→ Task brief
Transcribe all data verbatim. Skip the pictures.

** Data supplied follows **

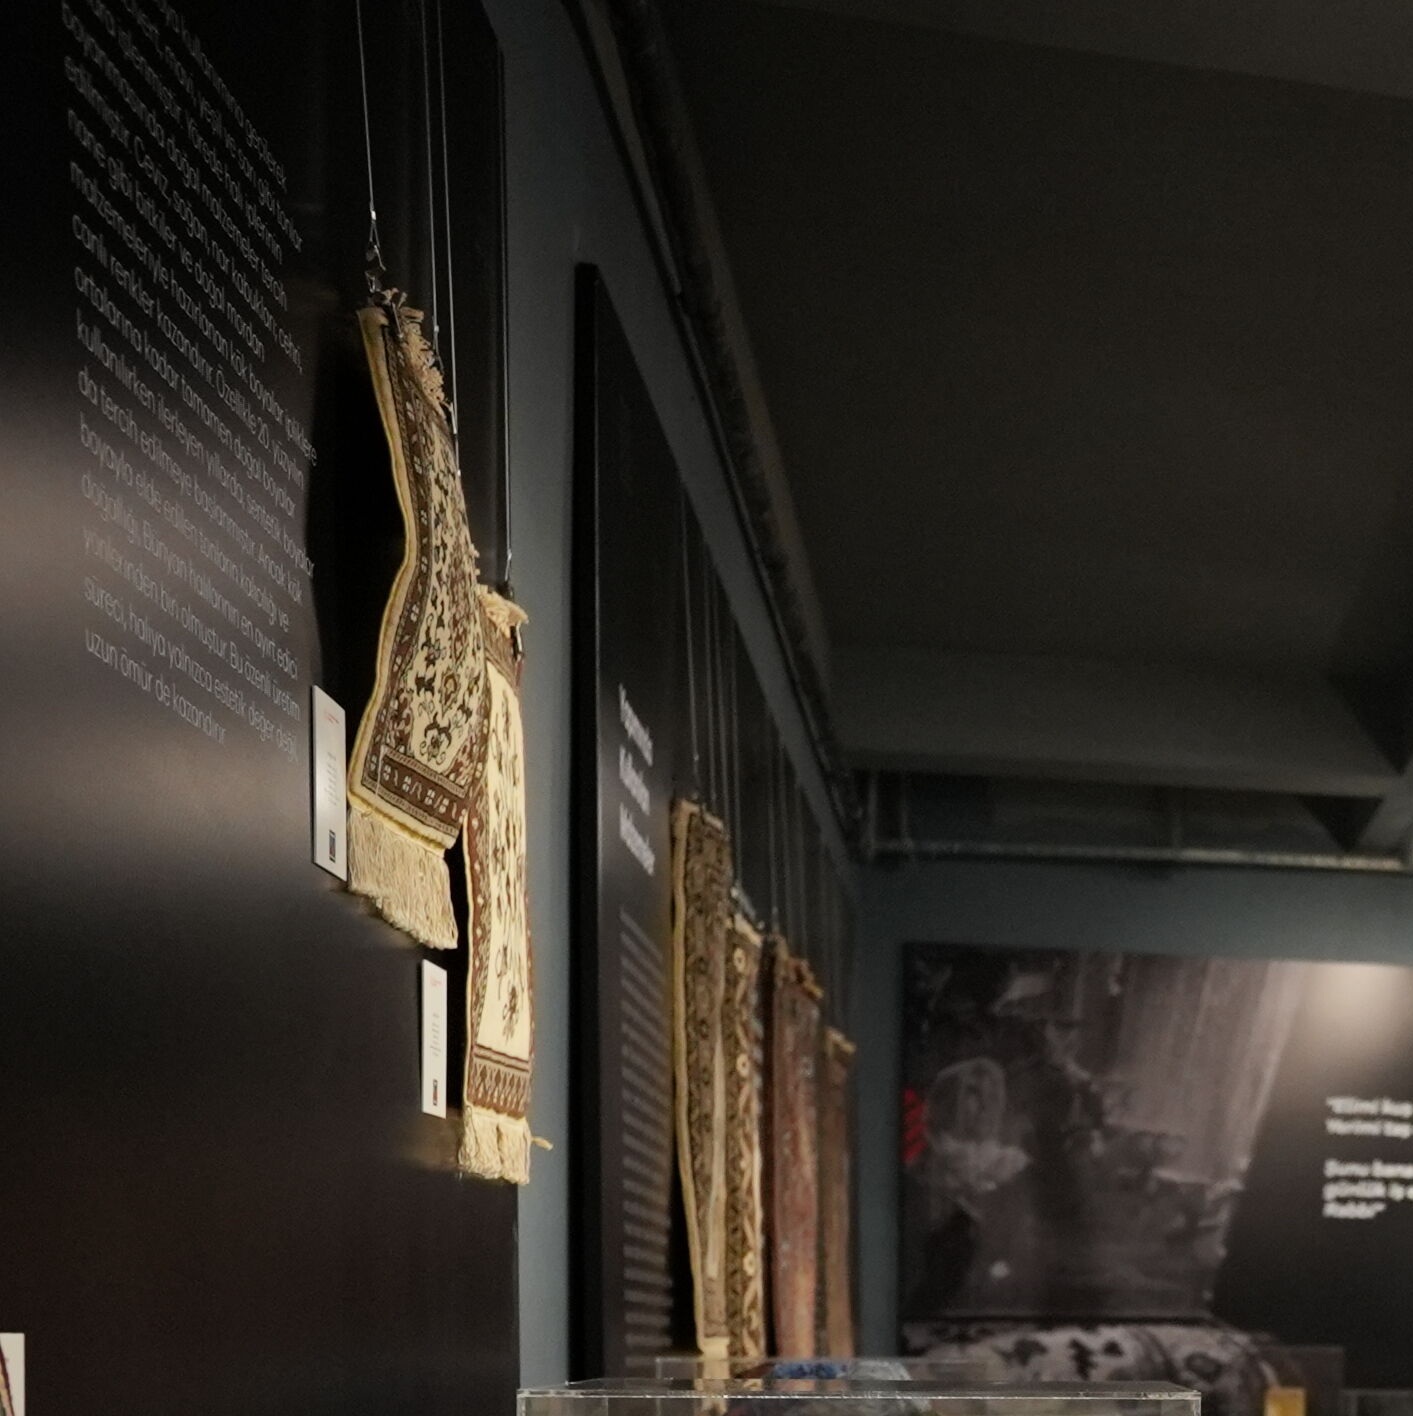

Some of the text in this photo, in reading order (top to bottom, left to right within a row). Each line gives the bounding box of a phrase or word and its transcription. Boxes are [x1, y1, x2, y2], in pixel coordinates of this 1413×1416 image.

[134, 132, 171, 210] Ceviz,
[212, 241, 229, 277] nar
[166, 129, 200, 196] doğal
[262, 258, 287, 310] tercih
[224, 130, 236, 159] ve
[68, 107, 106, 168] nane
[107, 156, 133, 201] gibi
[179, 243, 193, 274] ve
[194, 253, 225, 312] doğal
[227, 302, 265, 361] mordan
[72, 213, 108, 268] canlı
[110, 256, 155, 321] renkler
[216, 365, 256, 435] Özellikle
[74, 265, 296, 518] ortalarına kadar tamamen doğal boyalar
[231, 343, 249, 385] kök
[250, 365, 284, 426] boyalar
[77, 360, 98, 405] da
[101, 386, 138, 443] tercih
[140, 431, 193, 496] edilmeye
[259, 542, 285, 585] Ancak
[288, 570, 303, 602] kök
[80, 413, 133, 486] boyayla
[135, 473, 162, 513] elde
[278, 609, 289, 631] ve
[158, 397, 205, 465] ilerleyen
[284, 527, 314, 577] boyalar
[85, 629, 119, 668] uzun
[120, 649, 153, 692] ömür
[155, 673, 170, 704] de
[129, 606, 166, 655] halıya
[168, 644, 212, 691] yalnızca
[214, 681, 247, 718] estetik
[248, 701, 275, 739] değer
[230, 643, 243, 672] Bu
[241, 616, 254, 639] en
[255, 629, 276, 658] ayırt
[277, 646, 298, 677] edici

** End of Data supplied **

→ Completed task
Some of the text in this photo, in reading order (top to bottom, left to right within a row). Each line gives the bounding box of a phrase or word and its transcription. Boxes are [x1, y1, x2, y2], in pixel coordinates of this 1413×1416 image.

[134, 132, 171, 210] Ceviz,
[212, 241, 229, 277] nar
[166, 129, 200, 196] doğal
[262, 258, 287, 310] tercih
[224, 130, 236, 159] ve
[68, 107, 106, 168] nane
[107, 156, 133, 201] gibi
[179, 243, 193, 274] ve
[194, 253, 225, 312] doğal
[227, 302, 265, 361] mordan
[72, 213, 108, 268] canlı
[110, 256, 155, 321] renkler
[216, 365, 256, 435] Özellikle
[74, 265, 296, 518] ortalarına kadar tamamen doğal boyalar
[231, 343, 249, 385] kök
[250, 365, 284, 426] boyalar
[77, 360, 98, 405] da
[101, 386, 138, 443] tercih
[140, 431, 193, 496] edilmeye
[259, 542, 285, 585] Ancak
[288, 570, 303, 602] kök
[80, 413, 133, 486] boyayla
[135, 473, 162, 513] elde
[278, 609, 289, 631] ve
[158, 397, 205, 465] ilerleyen
[284, 527, 314, 577] boyalar
[85, 629, 119, 668] uzun
[120, 649, 153, 692] ömür
[155, 673, 170, 704] de
[129, 606, 166, 655] halıya
[168, 644, 212, 691] yalnızca
[214, 681, 247, 718] estetik
[248, 701, 275, 739] değer
[230, 643, 243, 672] Bu
[241, 616, 254, 639] en
[255, 629, 276, 658] ayırt
[277, 646, 298, 677] edici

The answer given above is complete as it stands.